The answer must be an exact copy of the lines from the one holding "Some of the words" through the final line of the entries, and nothing else.

(Stored data)
= = =

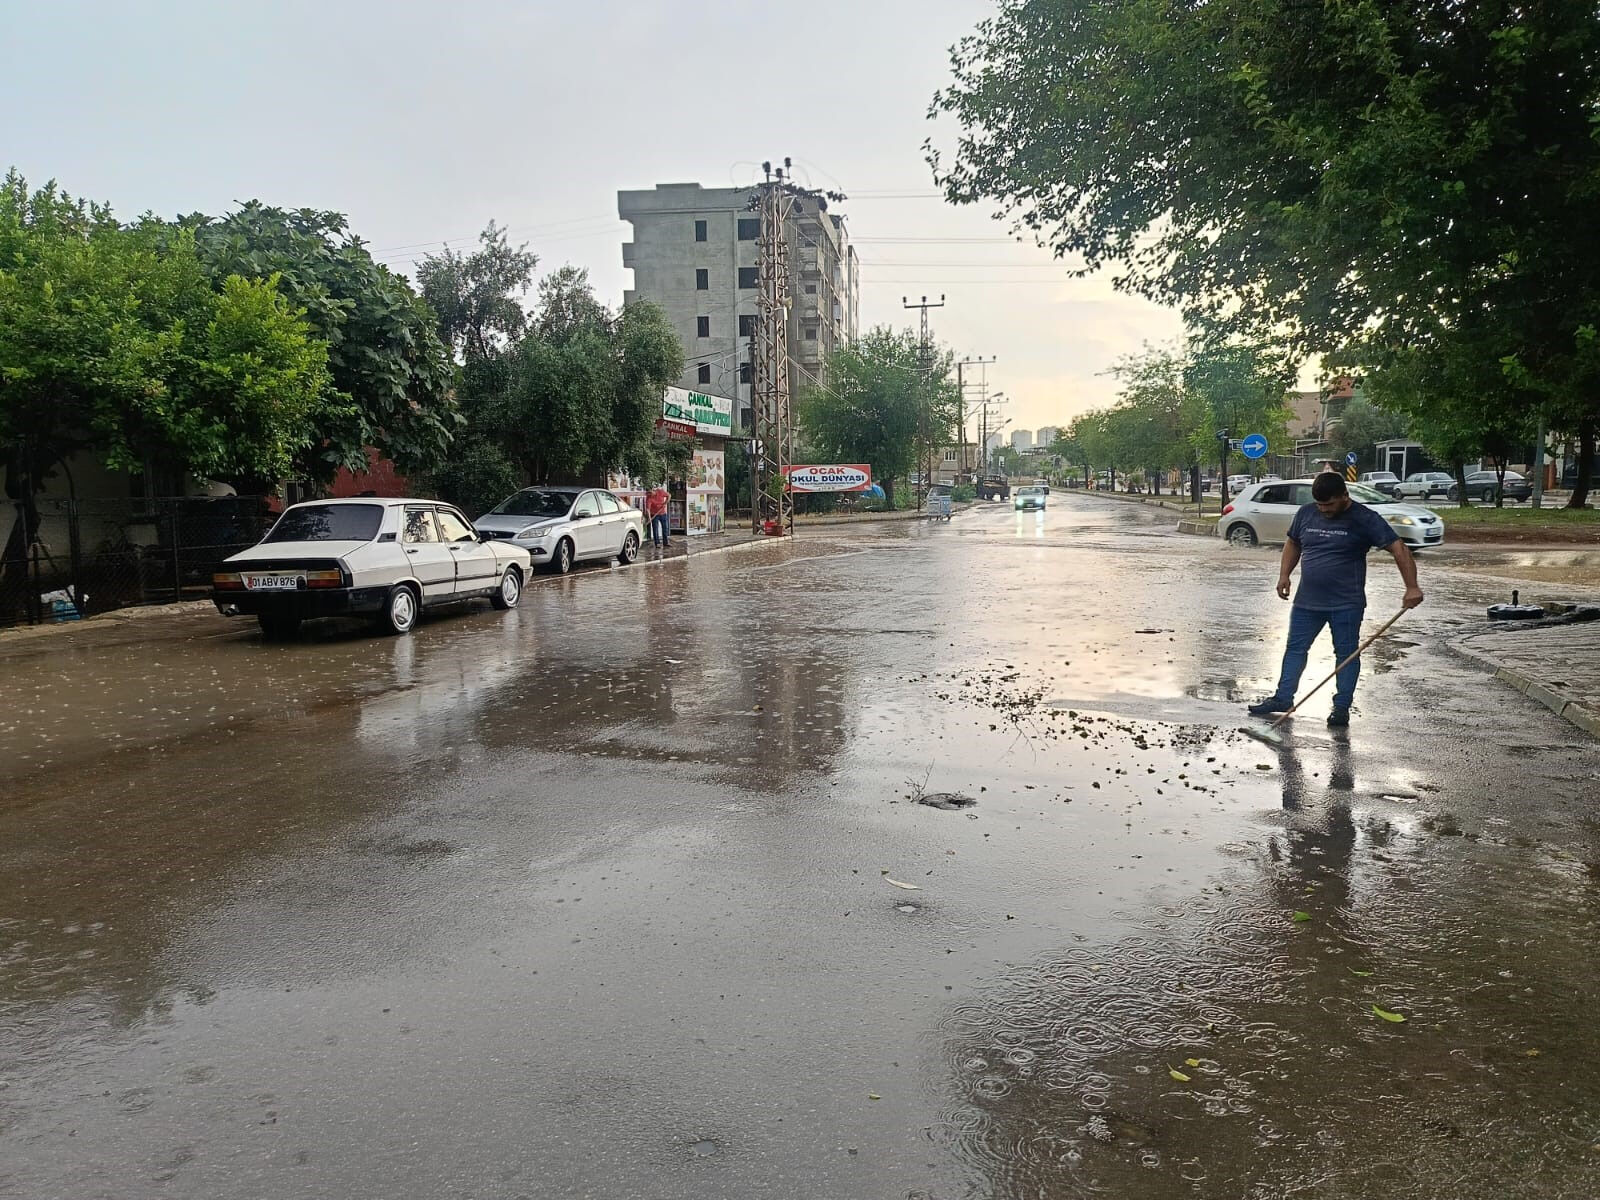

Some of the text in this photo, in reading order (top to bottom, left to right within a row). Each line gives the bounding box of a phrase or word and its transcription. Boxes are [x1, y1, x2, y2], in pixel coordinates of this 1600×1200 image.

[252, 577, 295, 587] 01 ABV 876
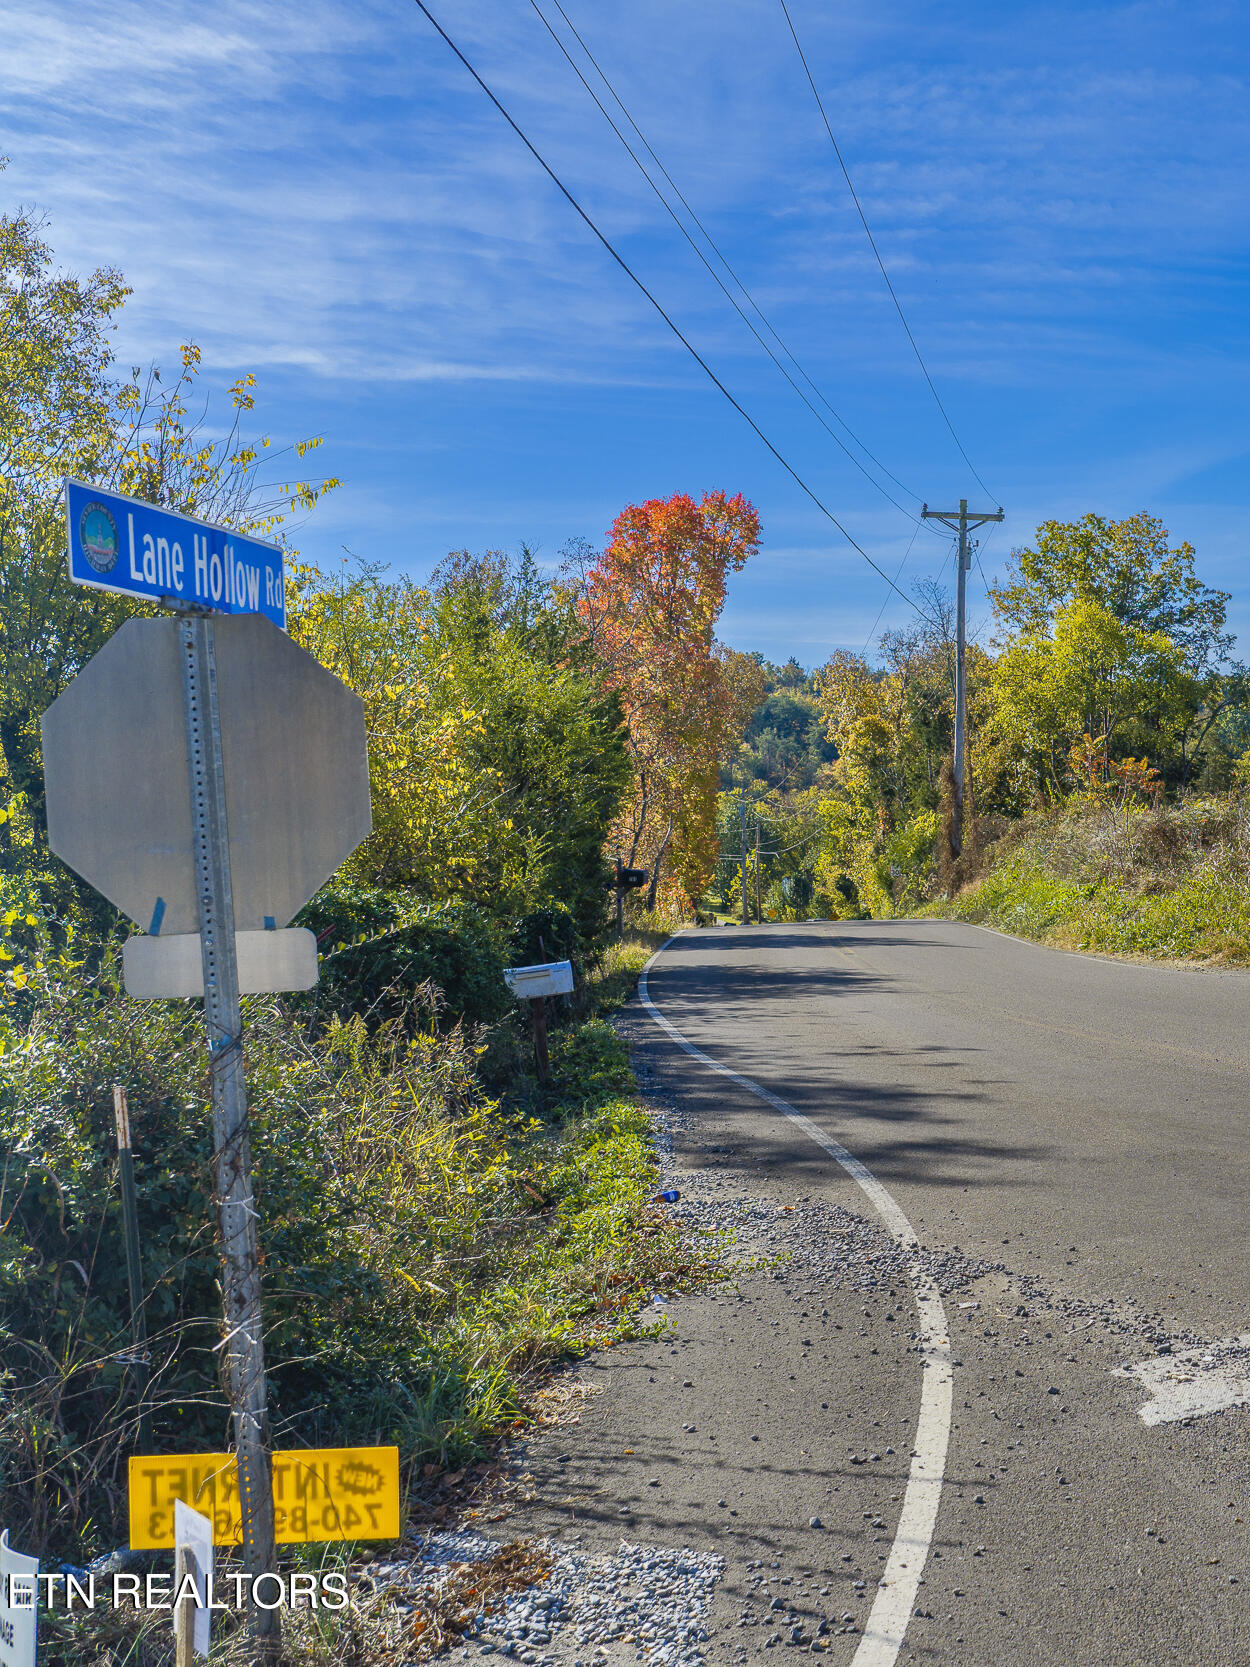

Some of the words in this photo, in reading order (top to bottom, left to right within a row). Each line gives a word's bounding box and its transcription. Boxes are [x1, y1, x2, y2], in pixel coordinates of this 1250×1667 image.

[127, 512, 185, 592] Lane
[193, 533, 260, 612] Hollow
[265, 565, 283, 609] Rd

= = =

## Your response
Some of the words in this photo, in reading order (top to bottom, left to right within a row). Each line gives a word's bounding box and its transcription. Boxes are [x1, y1, x2, y2], in pixel coordinates of this 1250×1667 image.

[127, 512, 185, 592] Lane
[193, 533, 260, 612] Hollow
[265, 565, 283, 609] Rd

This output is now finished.